Nella memoria difensiva finale depositata il 28 maggio 2015, nel corso del procedimento di primo grado, la pubblica accusa sottolineava altresì l’esistenza di una conclamata perfidia nel comportamento di Fata che si manifestava nell’assoggettamento psicologico che lo stesso determinava nei pazienti: diagnosticando falsamente l’esistenza di gravi malattie e prospettando possibilità di guarigione per mezzo delle cure da lui proposte, ricattava e intimidiva il malato, fino ad esercitare su di lui un totale potere di controllo. Di fronte alla prospettata possibilità di salvare una vita, in realtà non affatto in pericolo, otteneva con facilità il consenso all’esecuzione di costosi esami o trattamenti, oltretutto dannosi.

Alcuni testimoni hanno riferito inoltre che l’oncologo sollecitava in particolar modo la sensibilità di quei pazienti che sapeva esser facoltosi e, ancora, che cercava di far concludere contratti di cura domiciliare ai pazienti in fin di vita, velocizzando le procedure di pagamento affinché queste avvenissero prima del loro decesso.

Il 10 luglio 2015 Fata si rivolgeva per la prima volta alla Corte affermando di vergognarsi tremendamente per il proprio comportamento ammettendo una sorta di autodistruttiva ricerca di potere e denaro.

Il Giudice Borman della U.S. District Court – Eastern District of Michigan – Southern Division emanava quindi una sentenza di condanna a 45 anni di carcere nei confronti dell’oncologo riconosciuto colpevole di 16 capi d’accusa, tra cui frode sanitaria, cospirazione, richiesta di tangenti a hospice per l’invio di pazienti e riciclaggio di denaro. Nella stessa affermava che il medico aveva compiuto “enormi e terrificanti crimini” e riteneva che, anche se la condanna risultava pari soltanto ad un quarto della pena richiesta dalla pubblica accusa, per via dell’età avanzata, molto probabilmente Fata avrebbe trascorso tutta la vita in carcere.

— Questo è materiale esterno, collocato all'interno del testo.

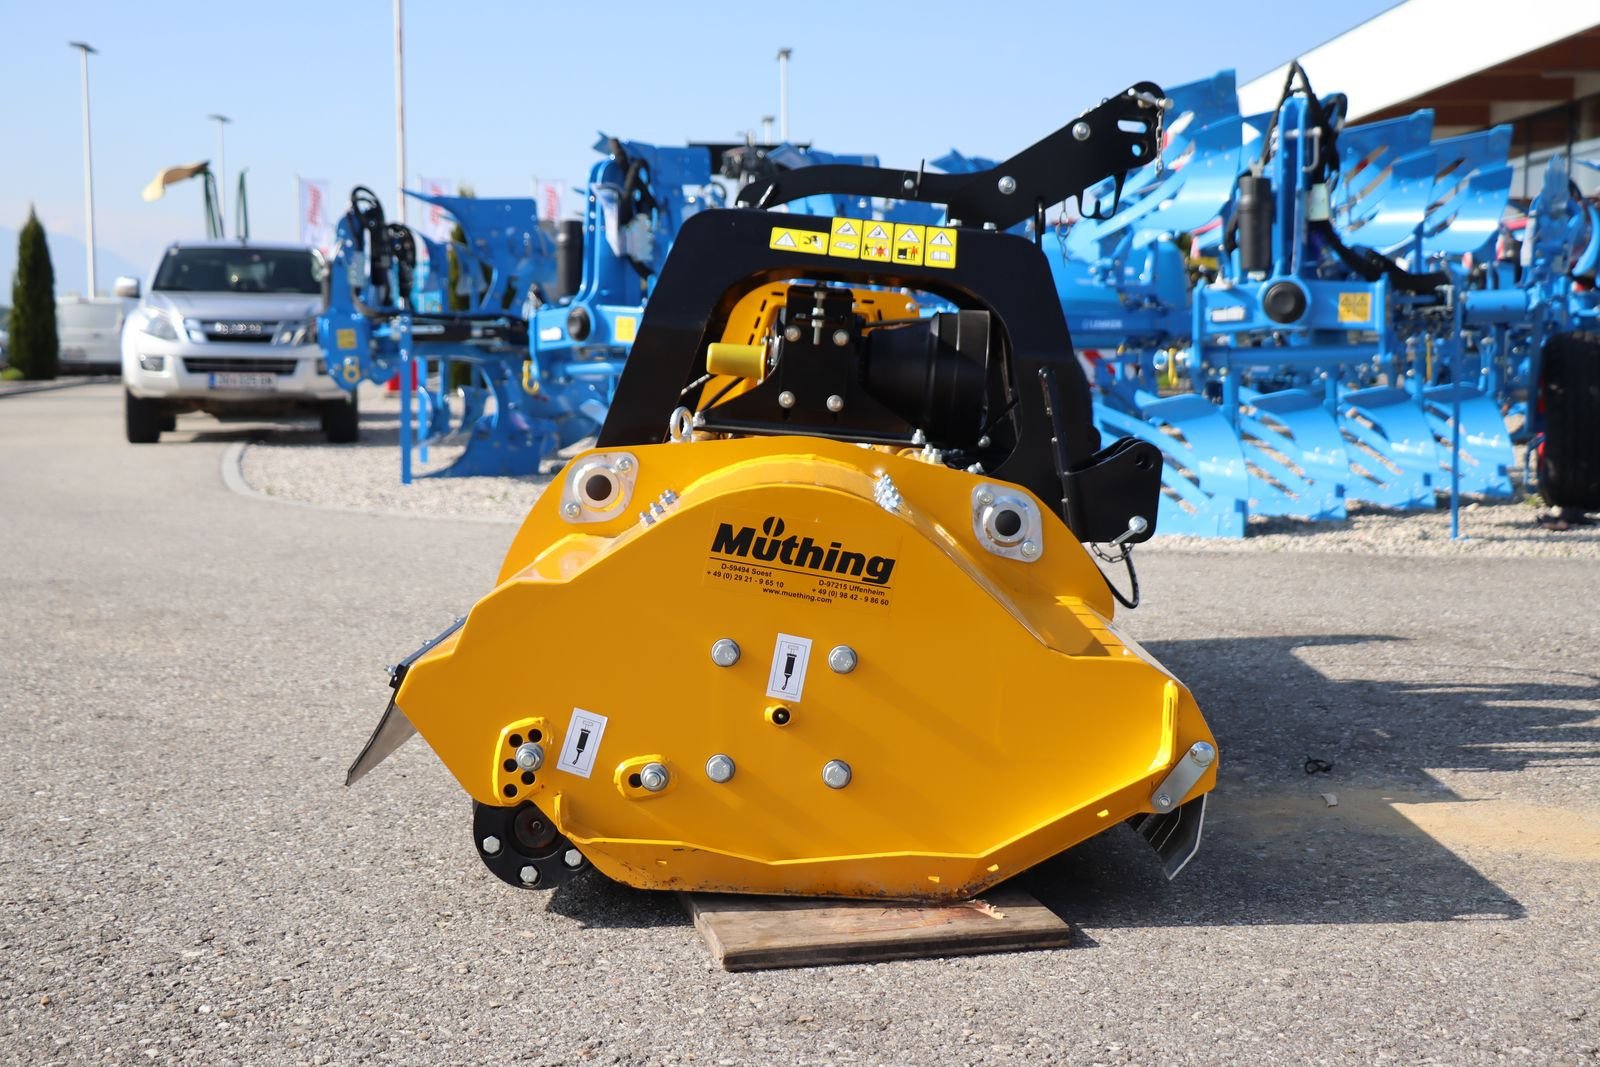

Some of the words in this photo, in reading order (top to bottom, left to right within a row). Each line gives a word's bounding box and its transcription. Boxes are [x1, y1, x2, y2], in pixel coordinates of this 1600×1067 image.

Contestualmente alla condanna penale sono state depositate numerose richieste di risarcimento danni in sede civilistica. La cause non sono state intentate soltanto nei confronti dell’oncologo, ma anche di medici ed infermieri che lo affiancavano, nonché del Crittenton Hospital and McClaren Cancer Center.

Innanzi all’Oakland County Circuit, 11 pazienti hanno agito in giudizio ed alcuni di questi hanno affermato di essere stati sottoposti, in 2 anni e mezzo, a 155 trattamenti di chemioterapia, pur non essendo malati di cancro; altri hanno dichiarato di essere stati trattati con infusioni endovenose di altre sostanze tossiche e velenifiche quando non necessario; alcuni di questi sono deceduti a seguito di malattie derivanti dalle eseguite  terapie inutili e dannose.

L’oncologo decideva di ricorrere in appello perché riteneva, fra le altre cose che il Giudice di primo grado avesse errato nell’aver ammesso come testimoni quei pazienti la cui effettiva posizione di vittime non era stata determinata con certezza e, ancora,  si lamentava circa la mancanza di una sufficiente base di fatto per confermare il capo d’imputazione relativo al riciclaggio di denaro.

La Corte d’Appello, con sentenza depositata- come detto-  in data 25 maggio 2016, confutava con veemenza dette argomentazioni, affermando che fossero carenti nel merito e pertanto confermava in toto la sentenza di primo grado.

Le procedure per il risarcimento previsto per le vittime costituitesi parte civile nel procedimento penale sono, a seguito della conferma della decisione di prima istanza, attualmente in corso. A partire dallo scorso 9 giugno, secondo quanto comunicato dal sito del Ministero della Giustizia americano, sono infatti disponibili i moduli per formalizzare le istanze; tali moduli sono comunque stati inviati d’ufficio ai pazienti riconosciuti quali vittime nel corso del procedimento di primo grado con le relative istruzioni di compilazione.